In 2019, SEBI had permitted mutual funds to participate in exchange traded commodity derivatives (ETCDs) but the MF industry was awaiting more clarity on the hedging strategy that mutual fund schemes can deploy. In a recent circular, the market regulator has clarified that hedged or offsetting positions taken by a mutual fund scheme during a trade will not be considered while computing the gross exposure of ETCDs for the fund.
For instance, let us assume that a fund has taken delivery of one kilo of gold on an exchange. Now, the scheme can initiate a short position on that contract as long as the short positions do not exceed the 1 kilo quantum.
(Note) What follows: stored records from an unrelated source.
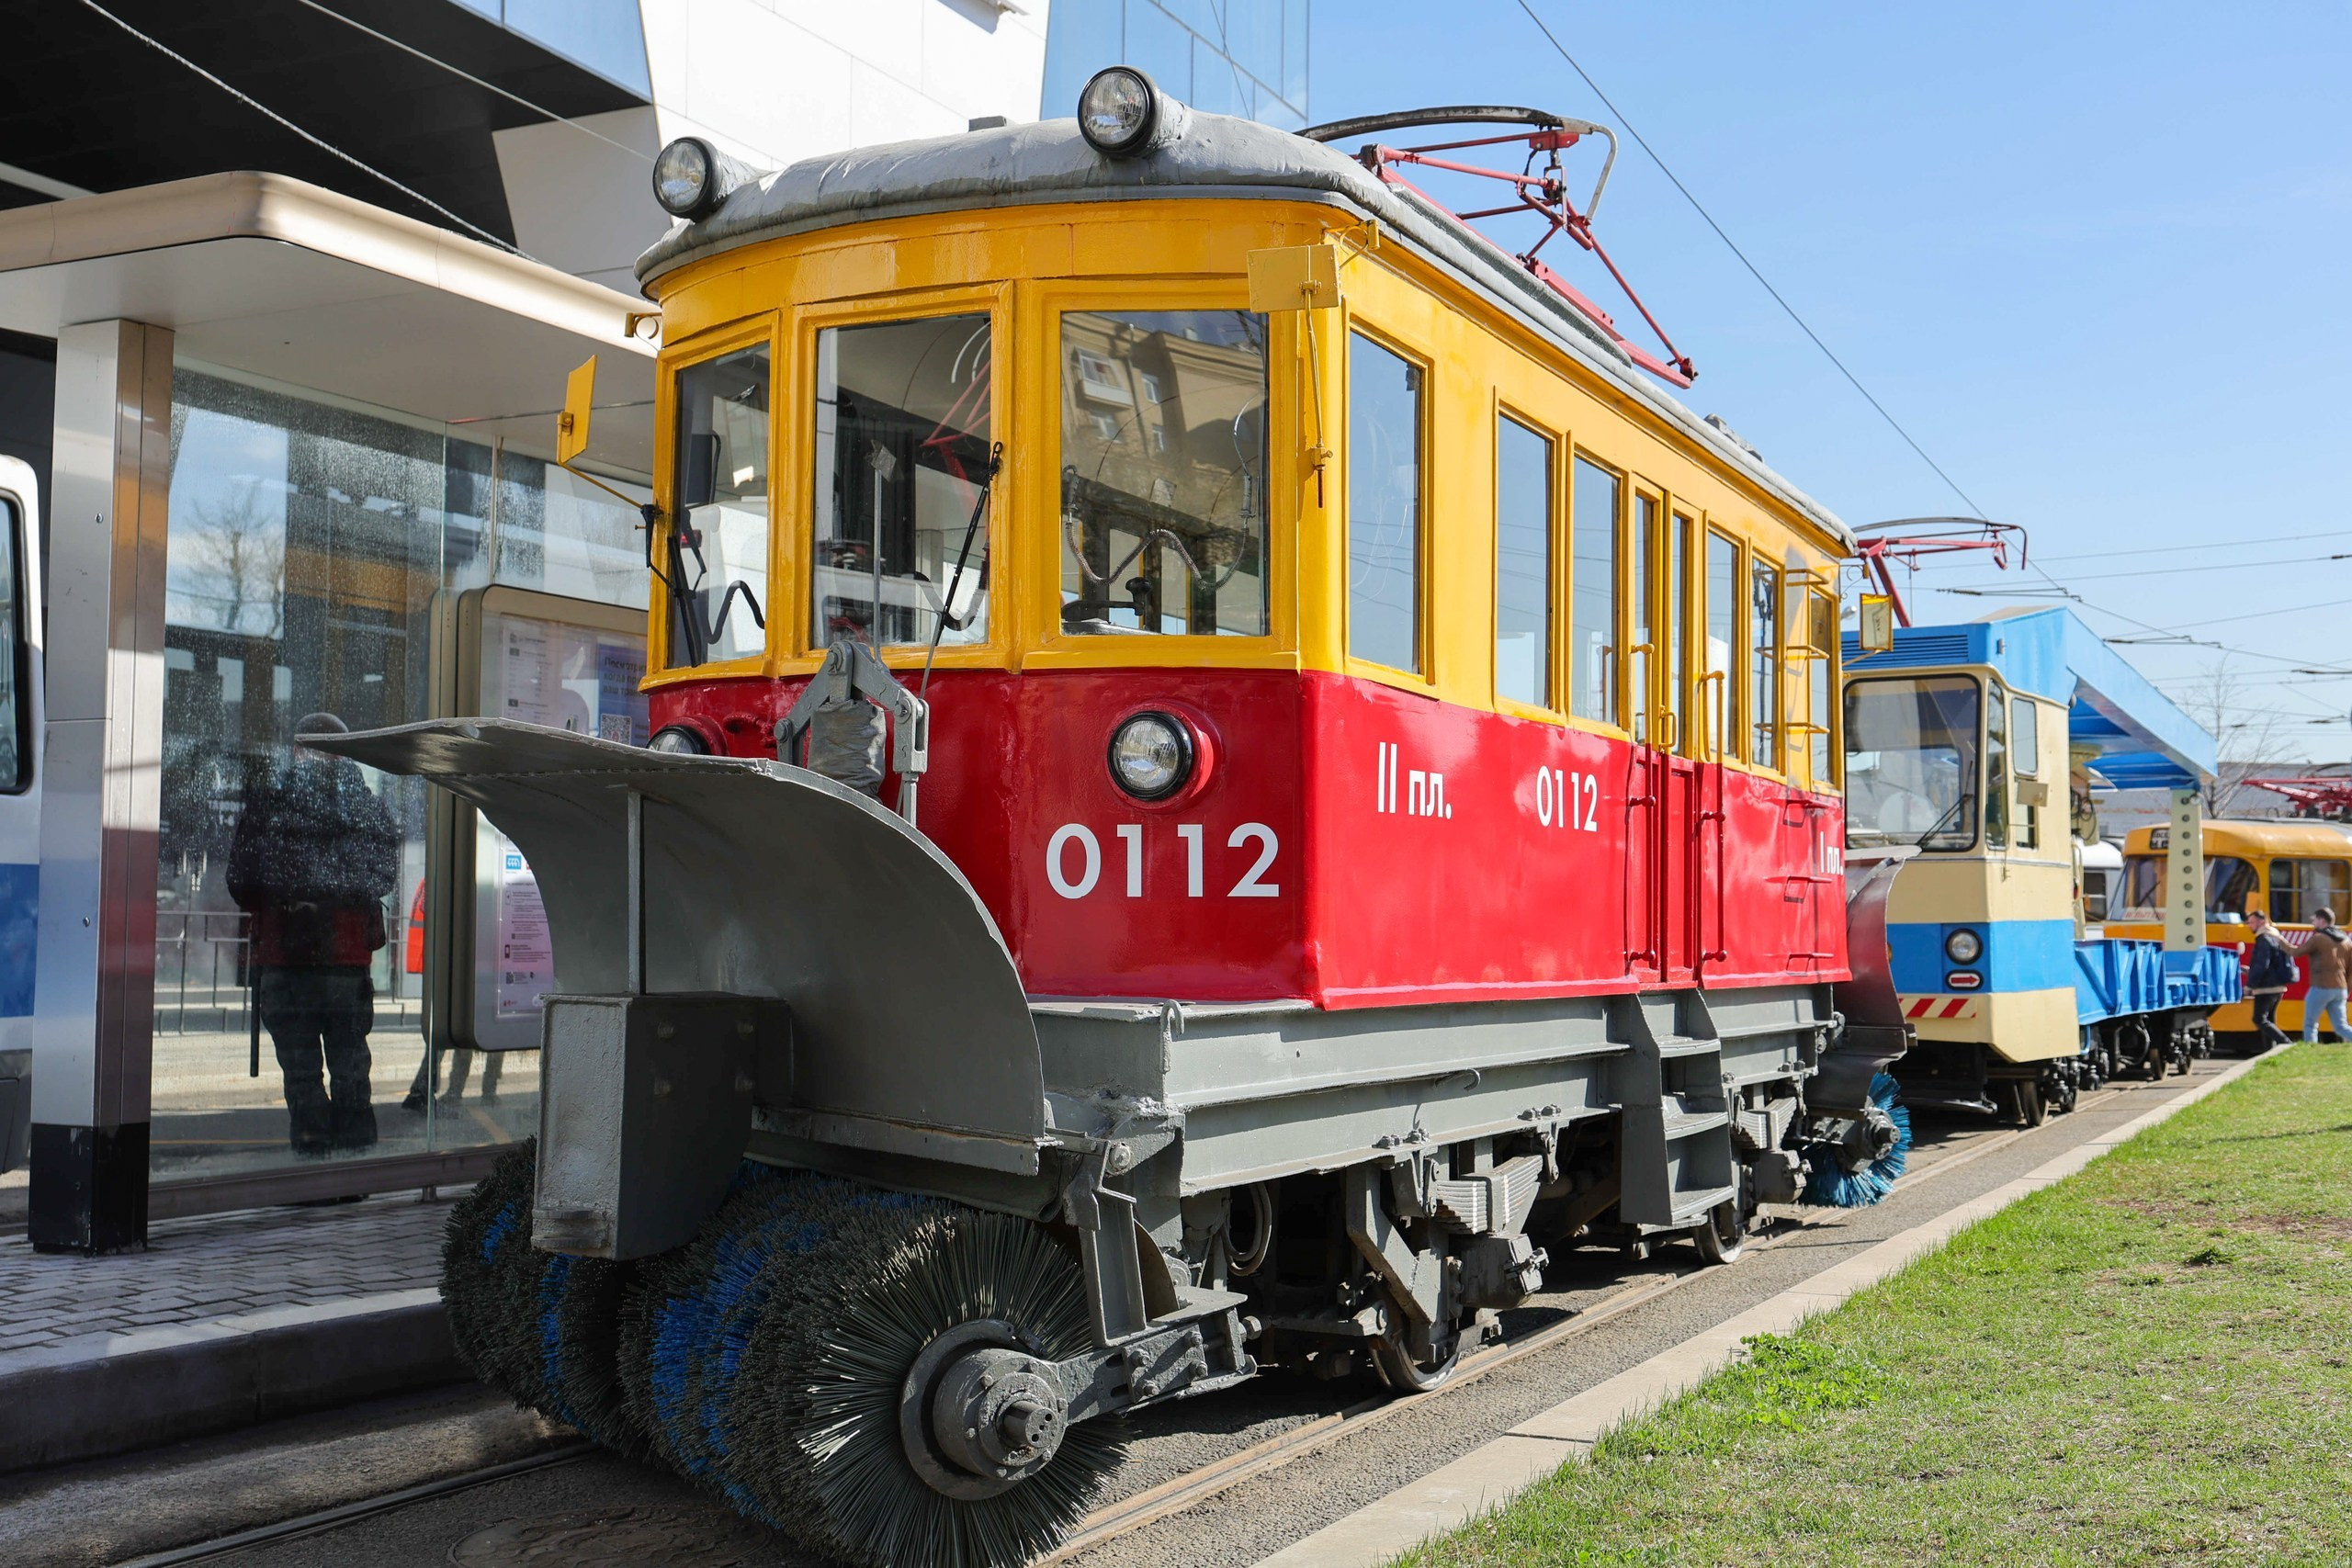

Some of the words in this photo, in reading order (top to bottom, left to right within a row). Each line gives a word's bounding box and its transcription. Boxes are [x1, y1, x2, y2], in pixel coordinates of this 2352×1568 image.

[1408, 770, 1452, 819] пл.
[1536, 765, 1598, 832] 0112
[1046, 822, 1280, 899] 0112
[1826, 846, 1844, 875] пл.
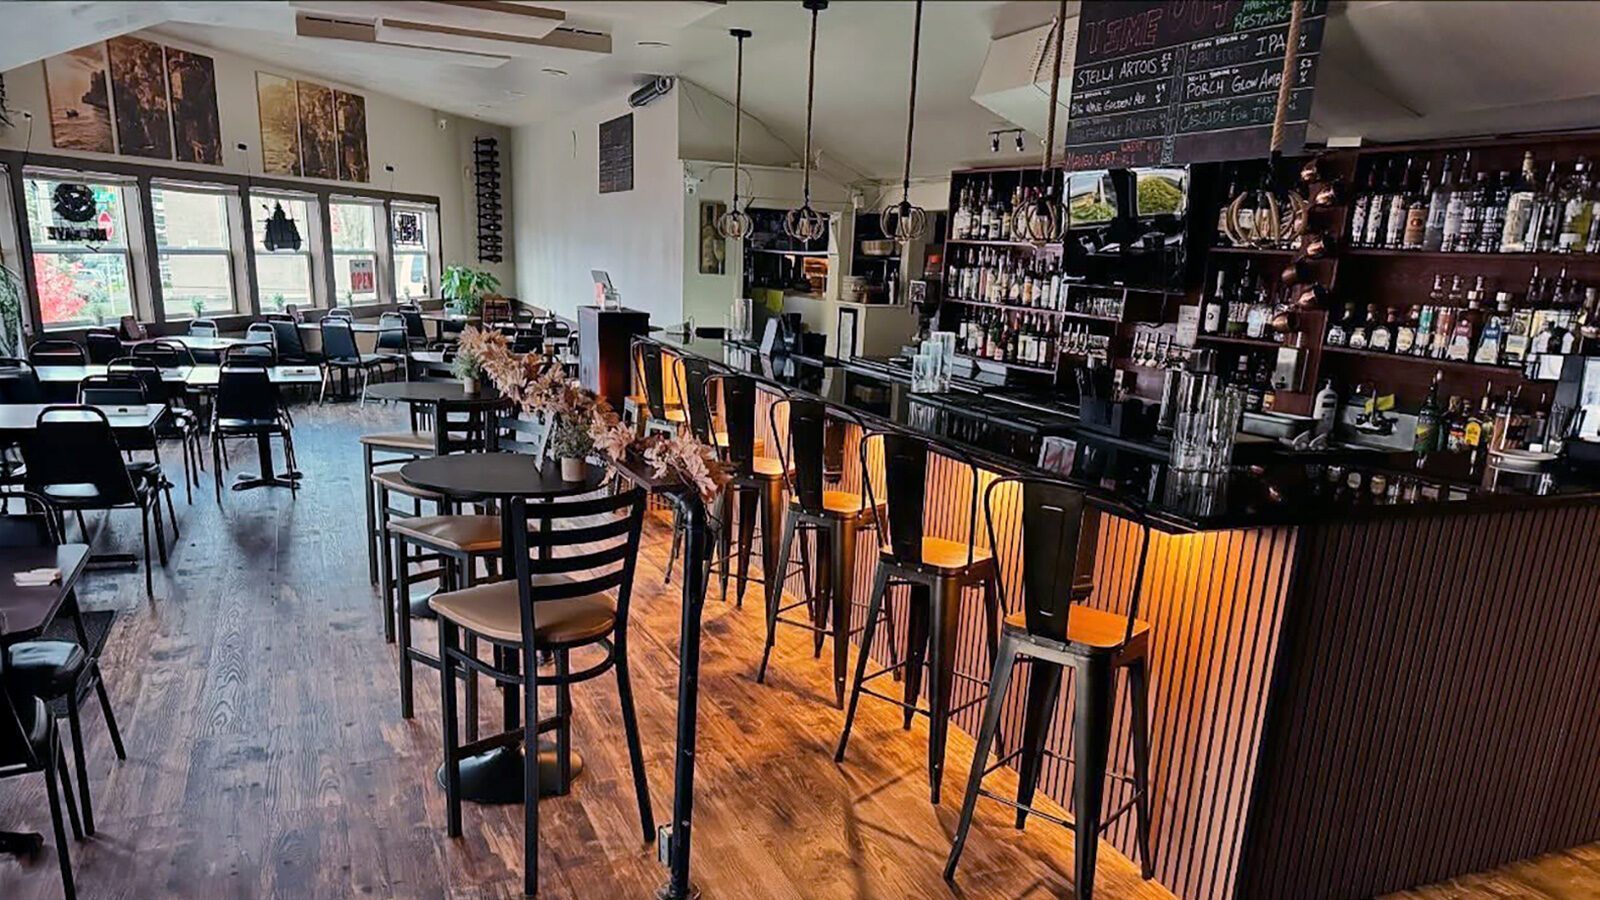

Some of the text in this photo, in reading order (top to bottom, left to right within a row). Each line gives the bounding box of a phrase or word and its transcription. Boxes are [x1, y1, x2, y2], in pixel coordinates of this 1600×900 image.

The recent circular clarifies that this 1 kilo short position will not be computed as a fresh position.
An exchange traded derivative is a financial contract that is listed on a regulated exchange for trading. Exchange traded derivatives can be used to hedge exposure or speculate on a wide range of financial assets like commodities, equities and currencies.
SEBI further clarified that fund houses cannot write and sell options or purchase instruments with embedded written options in goods or on commodity futures.
The cumulative gross exposure through equity, debt and derivative positions including commodity derivatives cannot exceed 100% of net asset value of the scheme, said SEBI.